En 1948, le Vélodrome d’Hiver célèbre le cyclisme sur piste. Après 144 heures d’une ronde effrénée, les Six Jours de Paris s’achèvent sur la victoire du duo français Guy Labépie et Arthur Sérès. Comme toujours l’évènement fut à la hauteur de sa réputation, c’est à dire haut en couleur !
Course emblématique du cyclisme sur piste, les Six Jours de Paris sont un spectacle unique. Tout à la fois défi sportif titanesque et grand divertissement, l’épreuve attire chaque année une foule considérable.
Importée des Etats-Unis, la course de six jours est créée à Paris en 1913 au Vélodrome d’Hiver. Loin de la terrible rafle de 1942 qui porte son nom, le Vel' d’Hiv de cette époque est un lieu très populaire. Dès la première édition les Six Jours de Paris sont un succès, mais c’est au cours des années folles que l’épreuve connaît son apogée.
Un savoureux mélange des genres
17 mars 1948 : le jour n’est pas encore levé, mais déjà la foule se presse aux portes du Vel' d’Hiv. Le temple du vélo s’apprête à lancer les Six Jours de Paris, le décor est planté : sous l’immense verrière, au centre, une pelouse autour de laquelle s’enroule une piste de deux cent cinquante mètres, éclairée par un millier d’ampoules. Tout autour, haut perchés et dans la pénombre, les « populaires » : des gradins de béton et de briques raides comme la justice, sur lesquels se sont massés des spectateurs survoltés venus "voir en vrai" leurs idoles.
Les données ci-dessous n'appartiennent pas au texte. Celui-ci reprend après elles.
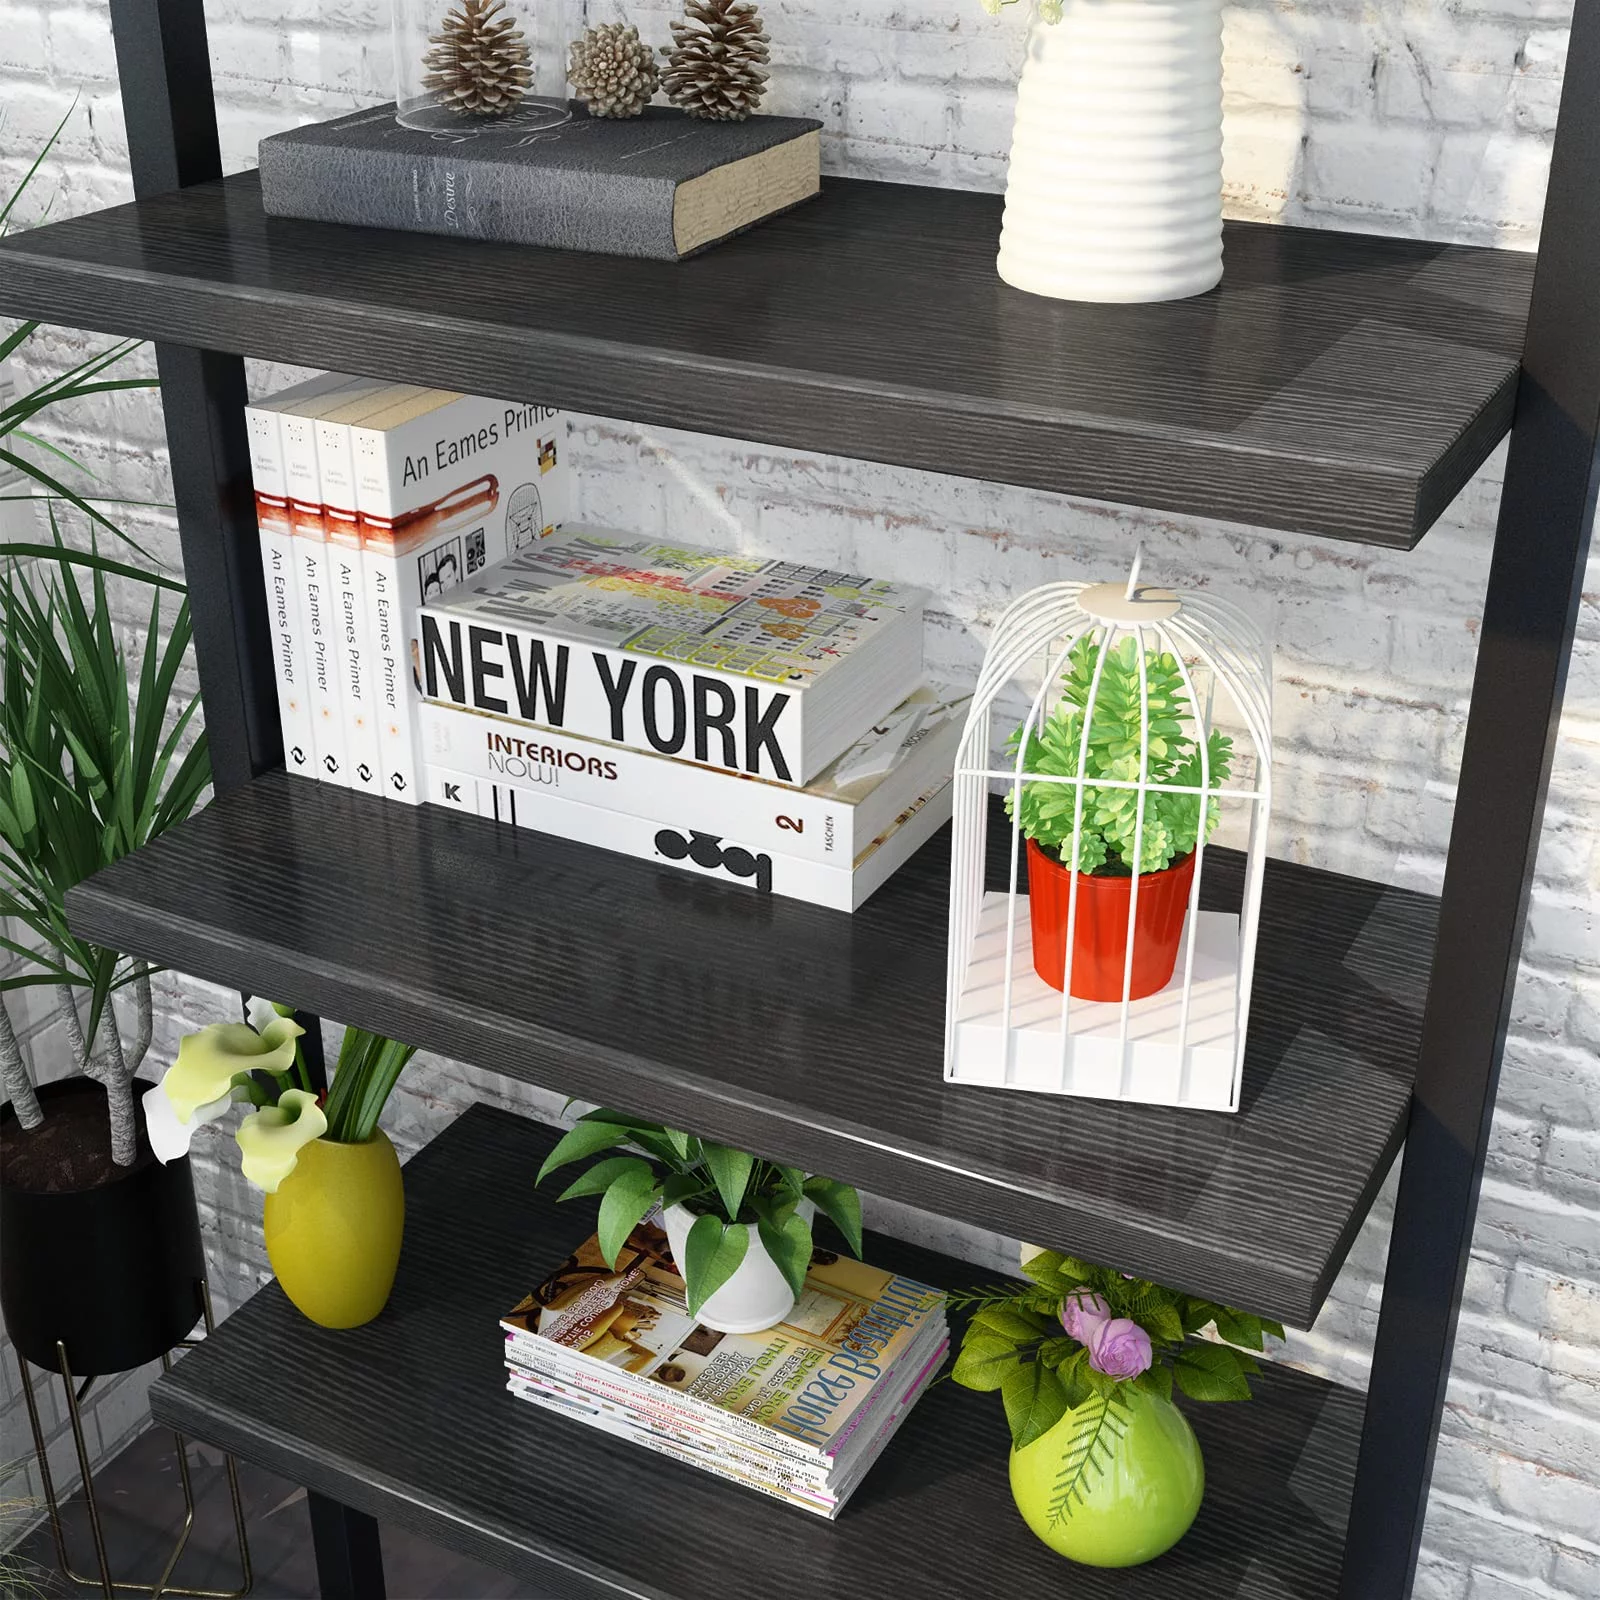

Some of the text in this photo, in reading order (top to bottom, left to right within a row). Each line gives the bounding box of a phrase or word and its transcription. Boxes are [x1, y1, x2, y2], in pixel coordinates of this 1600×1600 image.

[403, 456, 428, 487] An
[436, 423, 498, 470] Eames
[272, 548, 294, 684] An Eames Primer
[305, 556, 328, 692] An Eames Primer
[340, 563, 362, 700] An Eames Primer
[376, 571, 396, 709] An Eames Primer
[421, 614, 793, 783] NEW YORK
[487, 732, 618, 780] INTERIORS
[488, 752, 558, 787] NOW!
[776, 815, 803, 834] 2
[824, 816, 834, 852] TASCHEN
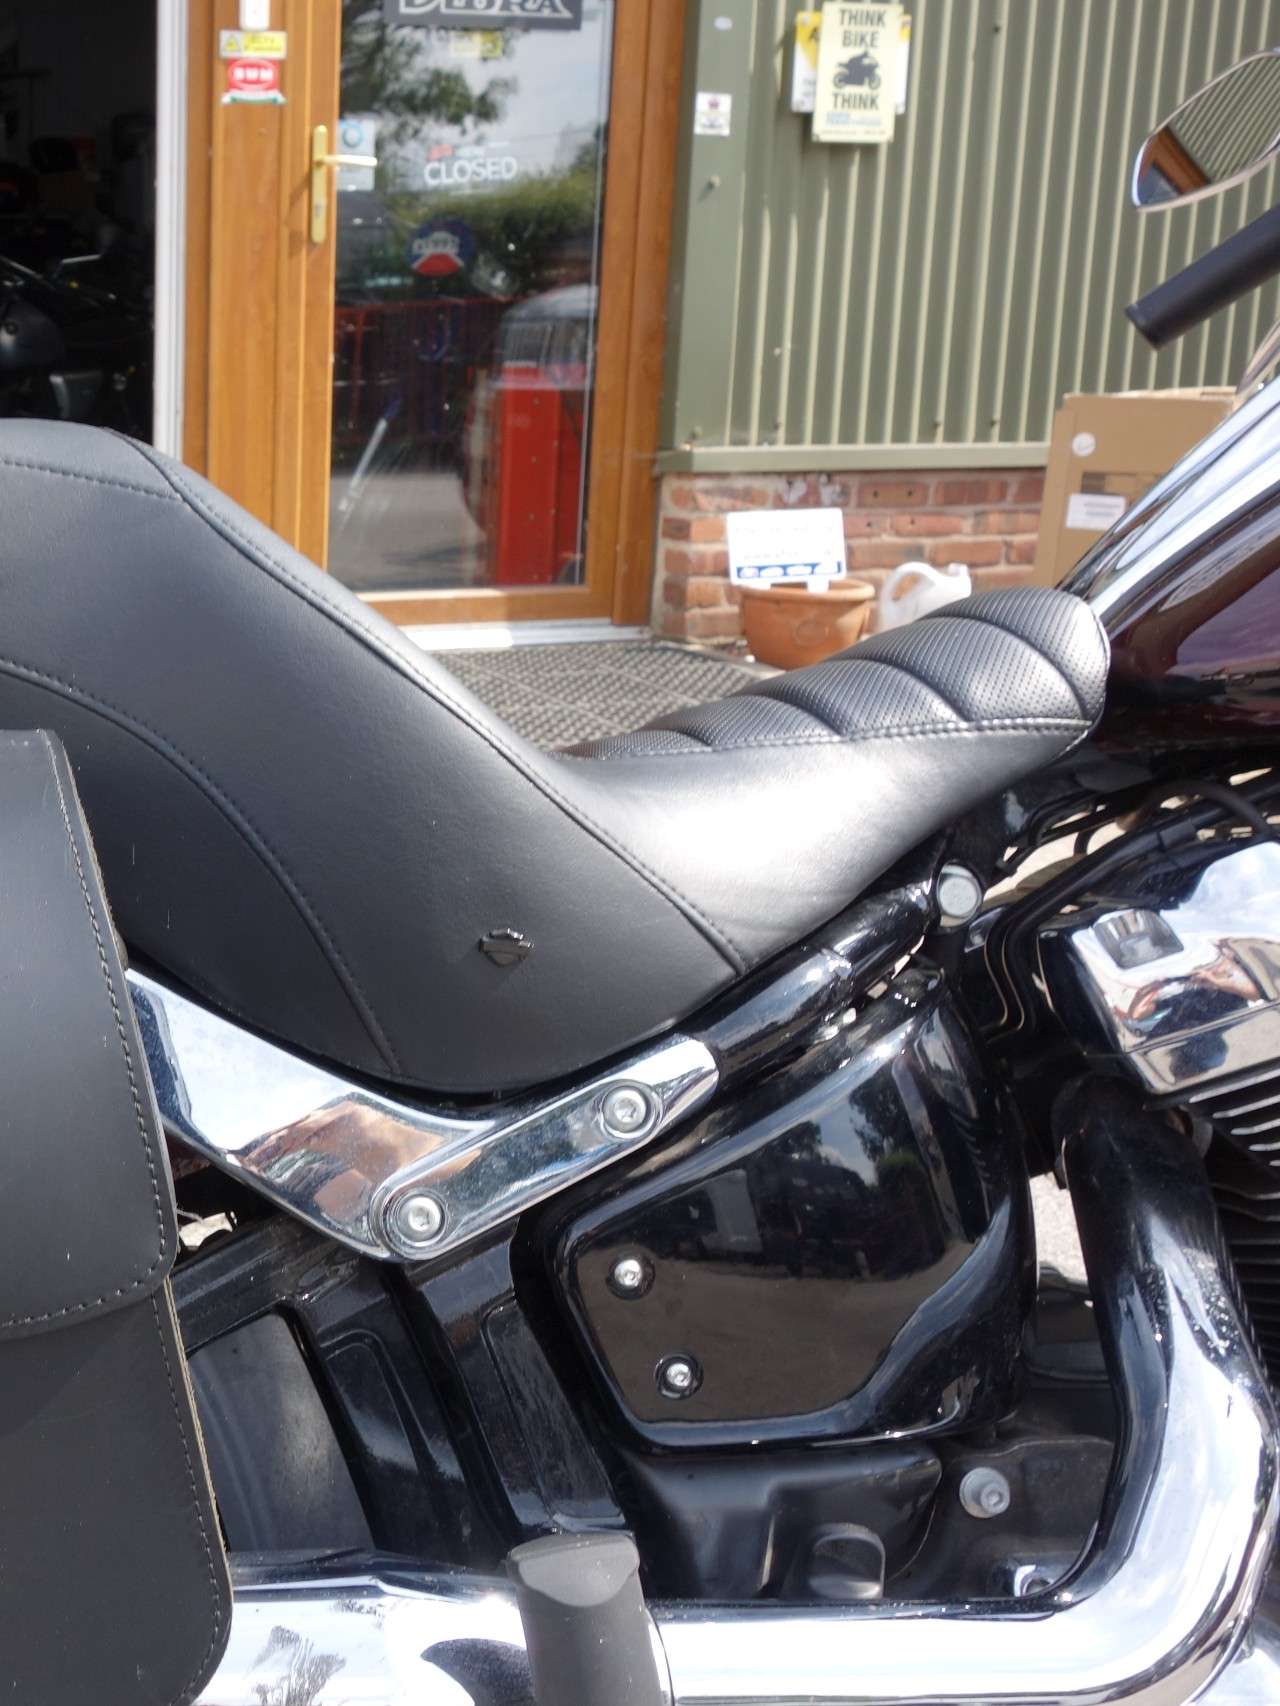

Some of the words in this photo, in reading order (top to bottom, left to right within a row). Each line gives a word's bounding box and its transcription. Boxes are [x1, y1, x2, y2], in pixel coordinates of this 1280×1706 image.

[839, 9, 886, 27] THINK
[842, 30, 879, 48] BIKE
[832, 93, 879, 111] THINK
[424, 156, 517, 187] CLOSED
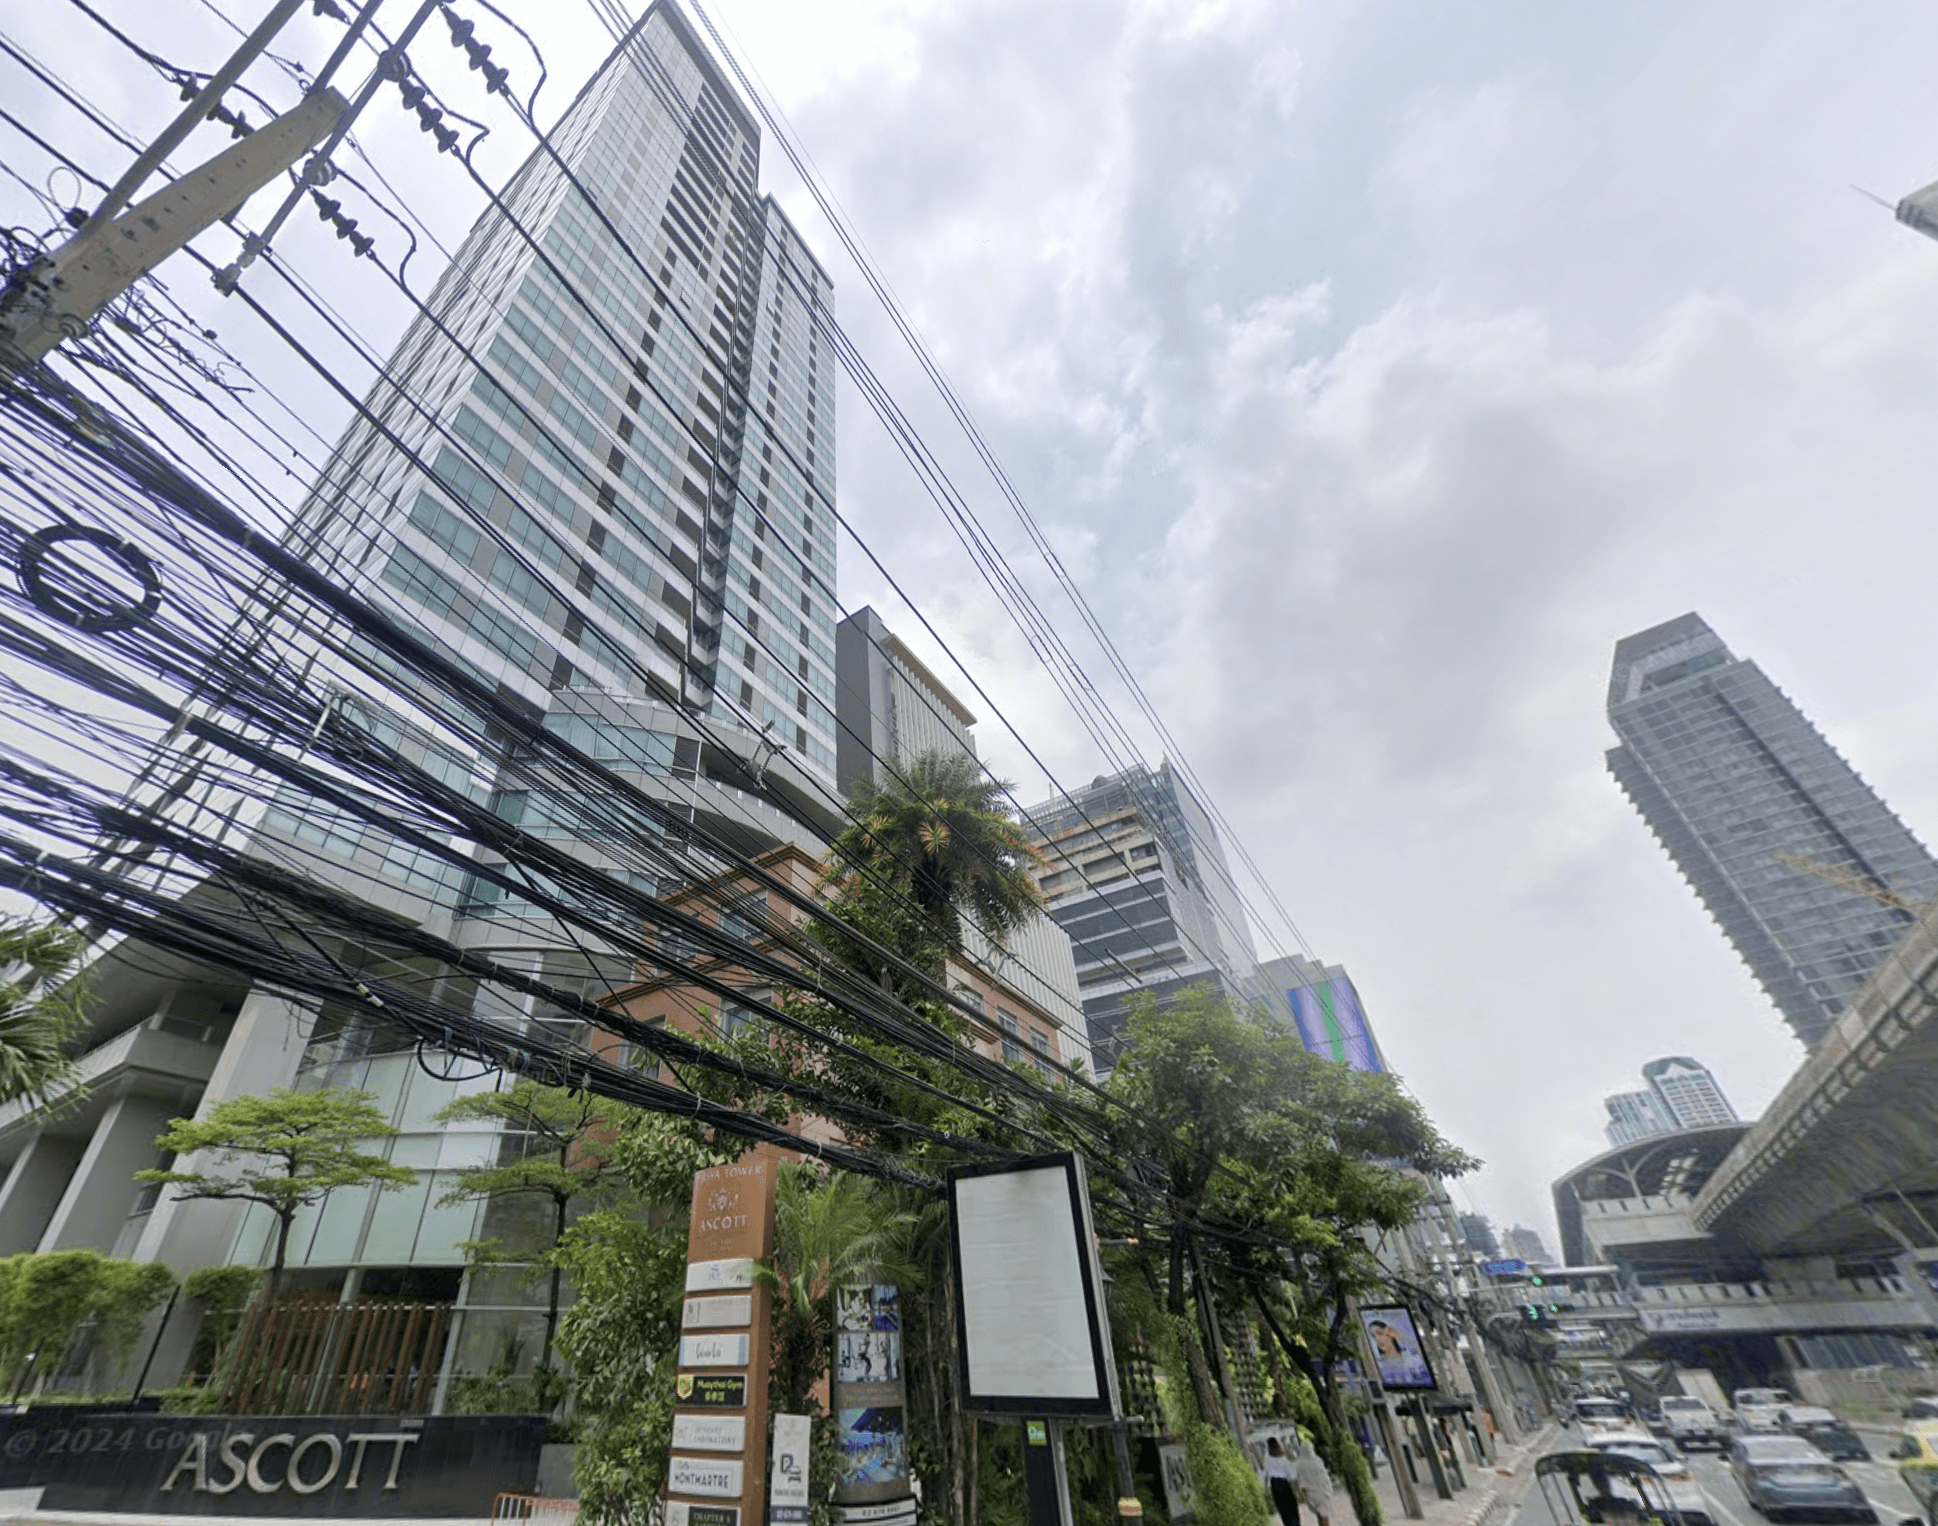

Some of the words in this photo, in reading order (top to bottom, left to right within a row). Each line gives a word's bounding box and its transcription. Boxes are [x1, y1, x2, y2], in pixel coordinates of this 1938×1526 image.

[725, 1165, 762, 1178] TOWER
[699, 1214, 748, 1232] ASCOTT
[160, 1432, 421, 1495] ASCOTT
[674, 1471, 729, 1489] MONTMARTRE
Marcel Cerdan donne le top départ, c’est parti pour six jours et six nuits d’une ronde folle, le spectacle va durer cent quarante-quatre heures et il est partout !
Côté pelouse, autour du restaurant, coupes de champagne et papotages mondains du Tout-Paris des médias, de la finance, des sports et du spectacle. On s’est mis sur son 31, l’évènement le vaut bien, il est tout aussi essentiel de voir que d’être vu ! La Houppa, Edith Piaf, Maurice Chevalier, Martine Carol, Charles Trénet… Ils y sont tous venus, les 6 Jours de Paris fascinent et sont incontournables.
Côté "Populaires" l’heure n’est pas vraiment aux papotages, mais plutôt aux ovations passionnées ou aux chahuts tapageurs. Ici on est venu soutenir ces valeureux écureuils prêts à tout pour remporter la mise, et penché sur la rambarde on ne rate pas une miette de ce qui se joue sur la piste : de coups de théâtre en retournements de situation on s’enthousiasme, on se désespère ou on espère.
Et comme l’épreuve est rude, on s’est équipé de quoi tenir un siège. Au programme gros rouge – camembert et saucisson, jeux de cartes ou aiguilles à tricoter pour les temps morts, sans oublier le pot de chambre du petit dernier pour parer à toute éventualité !
Pendant ce temps, sur le campement, les coureurs au repos tentent de se refaire une santé. Une gageure en soi au vu de l’agitation ambiante !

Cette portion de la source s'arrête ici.